What you should do> Nothing but the records themselves, exactly as written and free of pictures, should appear in your response.

======

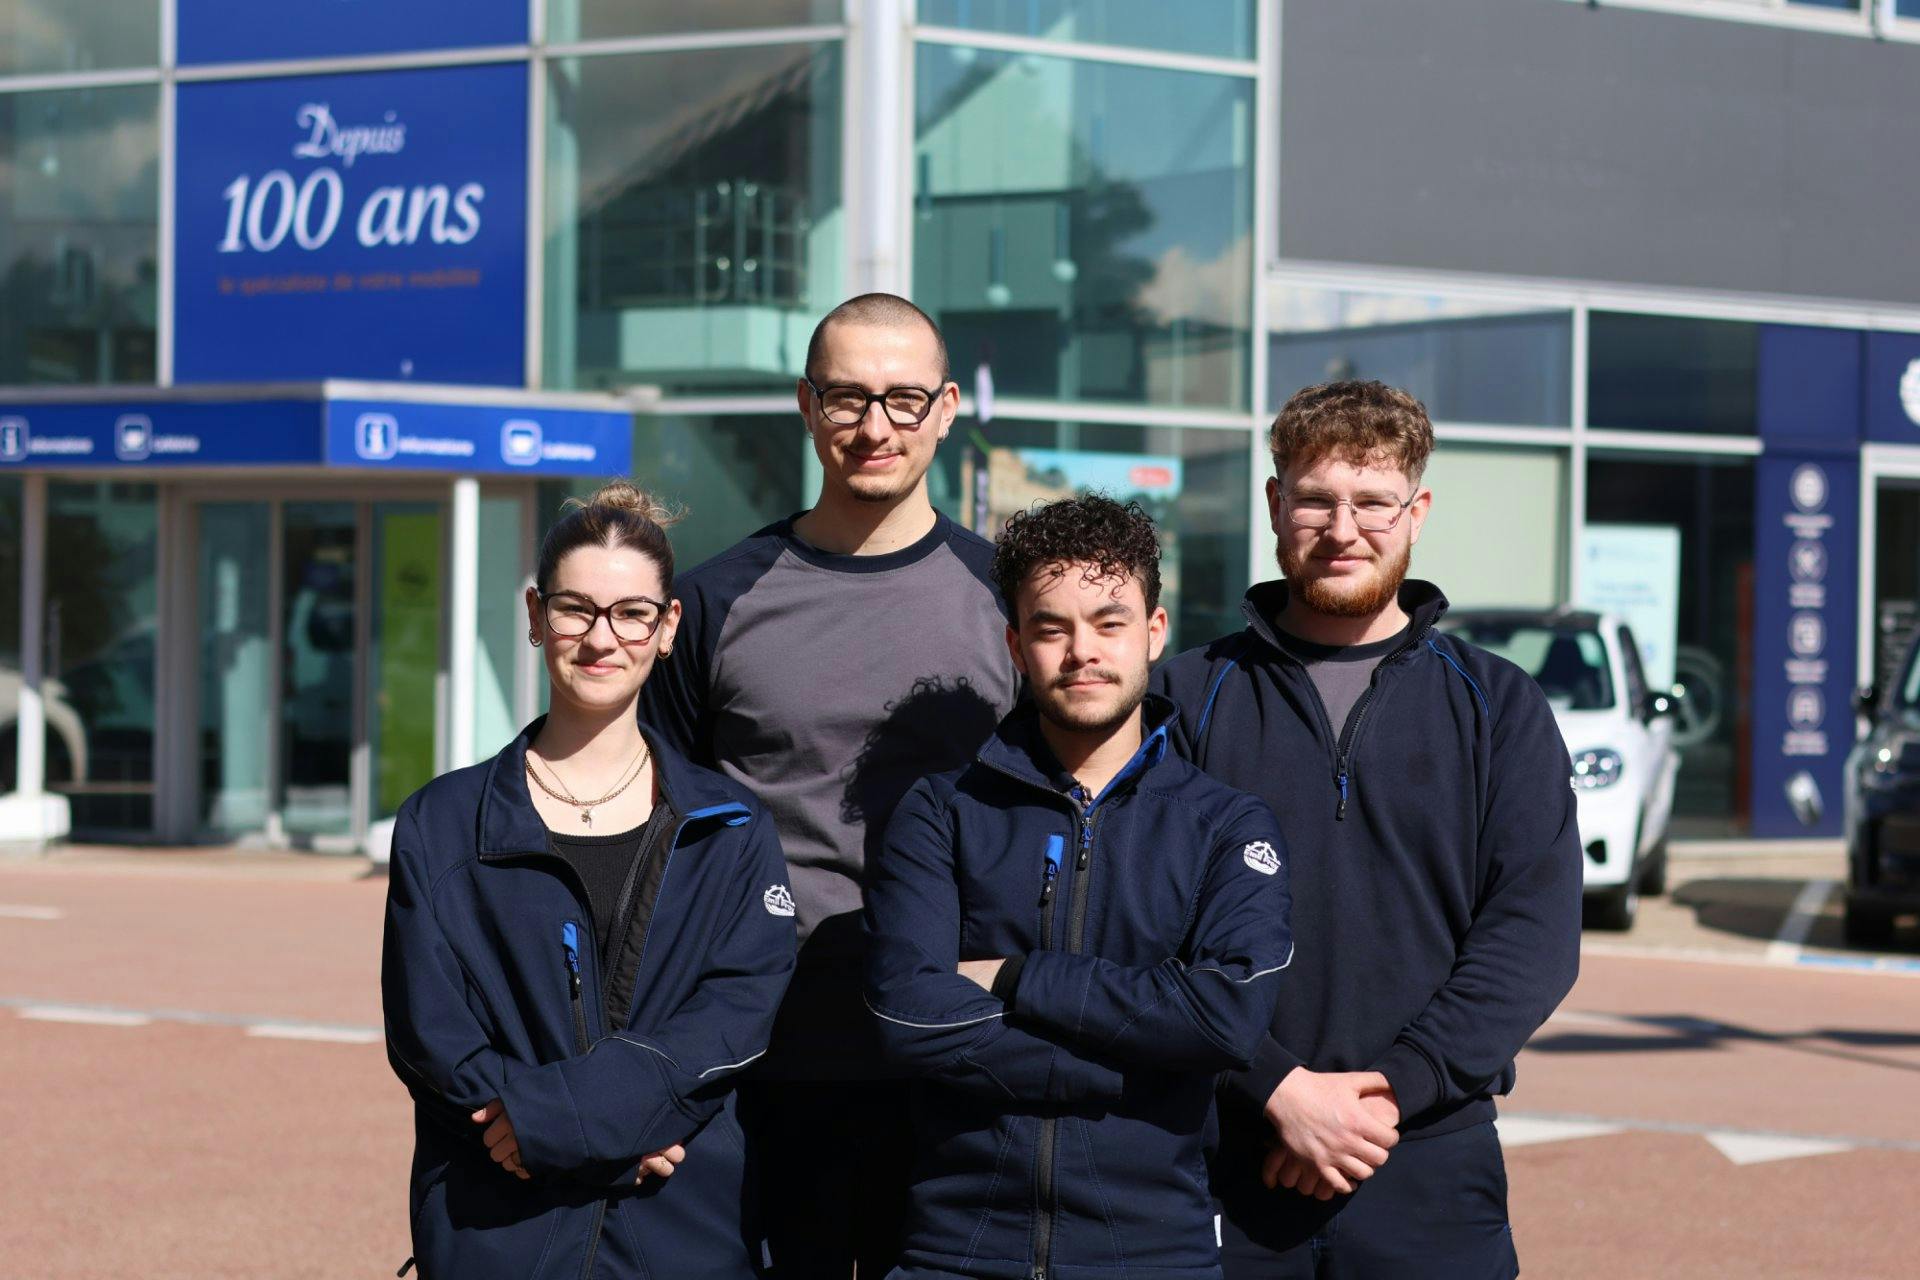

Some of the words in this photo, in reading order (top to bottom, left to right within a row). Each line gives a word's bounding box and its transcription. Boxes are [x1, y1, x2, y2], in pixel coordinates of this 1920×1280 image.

[294, 103, 405, 166] Depuis
[218, 168, 343, 252] 100
[357, 183, 484, 247] ans
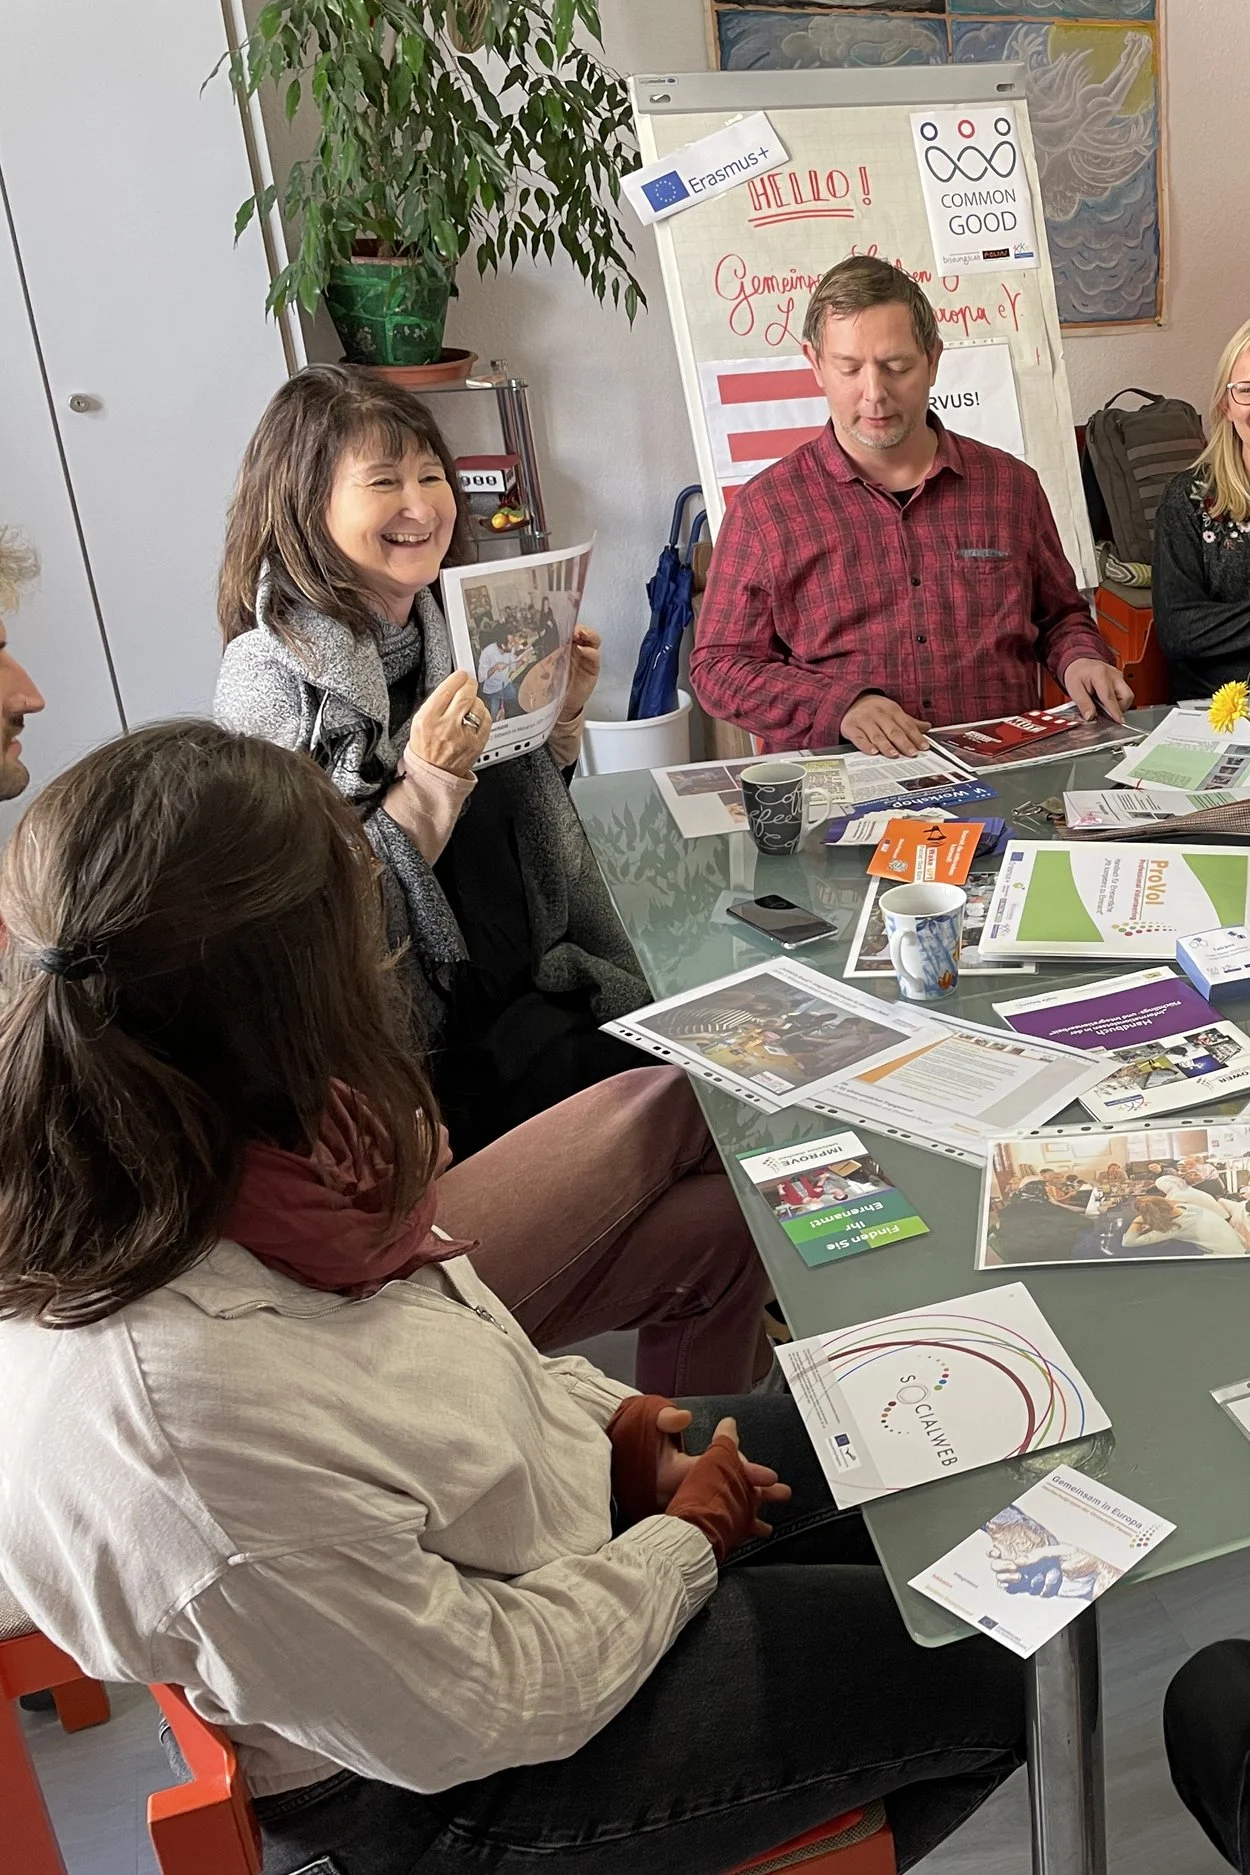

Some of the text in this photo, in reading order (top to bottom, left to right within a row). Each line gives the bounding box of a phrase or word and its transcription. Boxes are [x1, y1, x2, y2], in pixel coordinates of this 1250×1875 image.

======

Result of this task>
Some of the words in this photo, in reading order (top to bottom, left to right within a row). Each line gives a word's bounding box and its transcription. Boxes are [x1, y1, x2, y2], in pixel coordinates of this 1920×1280 image.

[294, 103, 405, 166] Depuis
[218, 168, 343, 252] 100
[357, 183, 484, 247] ans

Some of the text in this photo, in reading order (top to bottom, left to right within a row). Each line gives the bounding box of a phrase or word and its transcription. Boxes are [x1, y1, x2, y2], in pixel coordinates of this 1250×1875 image.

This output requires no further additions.